Bien, no nos pongamos nerviosos. Esto es un espejo y yo soy el que está delante, por lo que también debo ser el que está detrás. Pero no te conozco. No me conozco. No sé quién soy, bueno sí, creo que sí sé quién soy, lo que no sé es cómo demonios me he convertido en ese tipo que está en el espejo.

Cierto es que tengo la mente muy confusa, mis recuerdos son una nebulosa que no deja pasar la nitidez. Pero entre los jirones de la niebla veo un niño fuerte, de unos cuatro años, con una abundante cabellera rizosa; el pelo totalmente rubio; unos ojos grandes, azules, muy abiertos, absorbiéndolo todo; una nariz de botón, apuntando al techo; mejillas sonrosadas bordeando una pequeña boca. Juraría que soy yo; estoy seguro que soy yo, aunque lo veo tan perfecto que igual se trata de la obra maestra de un pintor híper realista.

No tengo ningún otro recuerdo de mí mismo que pueda ver con claridad. Ni siquiera ese lo veo nítido. ¿Cómo es posible que me haya convertido en el hombre que mira horrorizado desde el espejo?

Es un hombre mayoritariamente calvo. El poco pelo que tiene en la cabeza es de un blanco sucio, tirando a gris, como una nevada en una ciudad después de unas cuantas horas. El mismo color que la barba, porque tiene barba, sí, rala, hirsuta, desgreñada, se ve que no la cuida mucho. El bigote sin embargo es más oscuro, al menos los pelos que le crecen justo debajo de los agujeros de la nariz; el resto se blanquea a medida que se acerca a la barba; si no se fija uno mucho, podrían incluso pasar por mocos.

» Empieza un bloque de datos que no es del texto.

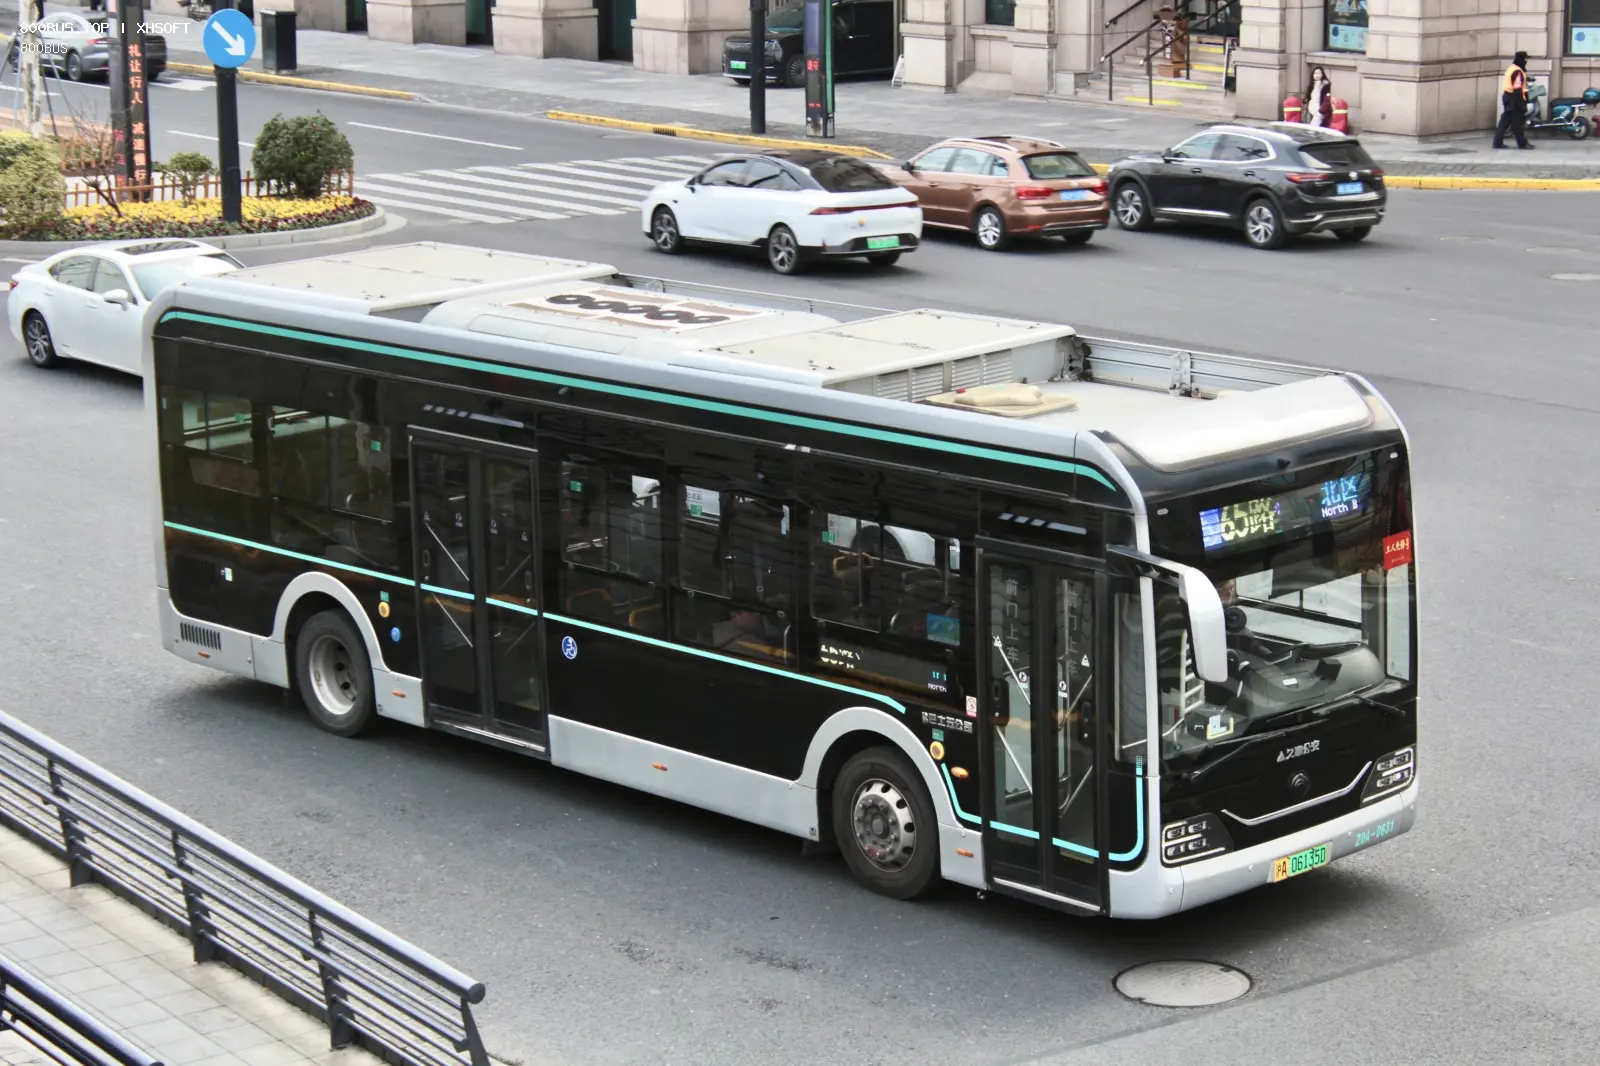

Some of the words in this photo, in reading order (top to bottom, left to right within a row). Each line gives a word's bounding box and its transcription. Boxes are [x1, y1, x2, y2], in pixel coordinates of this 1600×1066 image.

Y hablando de nariz, amigo mío, a eso tuyo hay que echarle de comer aparte. Eso no es una nariz, eso es una frontera, la Cordillera de los Andes separando Argentina de Chile. Ya me contarás para que necesitas un respirador tan aparatoso. No es extraño que todo el resto de elementos que componen la cara se vean tan diminutos, ¡qué desproporción! Los ojos, por ejemplo, son de pulga completamente, y encima tienes un párpado, el izquierdo, que se te cierra bastante más que el derecho, debe ser cosa de la cinta de la persiana que está floja, deberías revisártelo. ¿Y esas cejas? ¿Acaso no te parecen diabólicas?, así, formando un ángulo de cuarenta y cinco grados, parecen una broma de un dibujante de comic.

La frente, que no tiene fin, se asemeja a un campo de labranza recién arado, con esos surcos tan profundos, tan bien trazados, tan paralelos. Las orejas por el contrario, ya ves, quizá sea de lo más normal que tengas en cuanto a forma y tamaño; otra cosa es la cantidad de pelo que tienes en ellas. Se ve que menos en la cabeza, tienes pelo por todas partes. Pero lo que más me molesta de ti es que me mires con esa mirada de pavor, como si yo te diese miedo a ti, cuando eres tú el que verdaderamente asustas. ¡Vamos ya, viejo idiota!, ¡deja de mirarme o te rompo esa cara de macaco impotente!

  • – ¡Mamá, mamá, el abuelo ya está otra vez peleándose con el espejo!
  • – ¡Vaya por dios!, a ver, padre, déjelo ya por favor, no empiece otra vez que sería el tercer espejo que me rompe este mes.
  • – ¡No es culpa mía! ¡No soy yo el que empieza!, es ese tipo de ahí dentro que me mira raro. Pero ¿Y usted quién es señora? ¡Haga el favor, no me toque!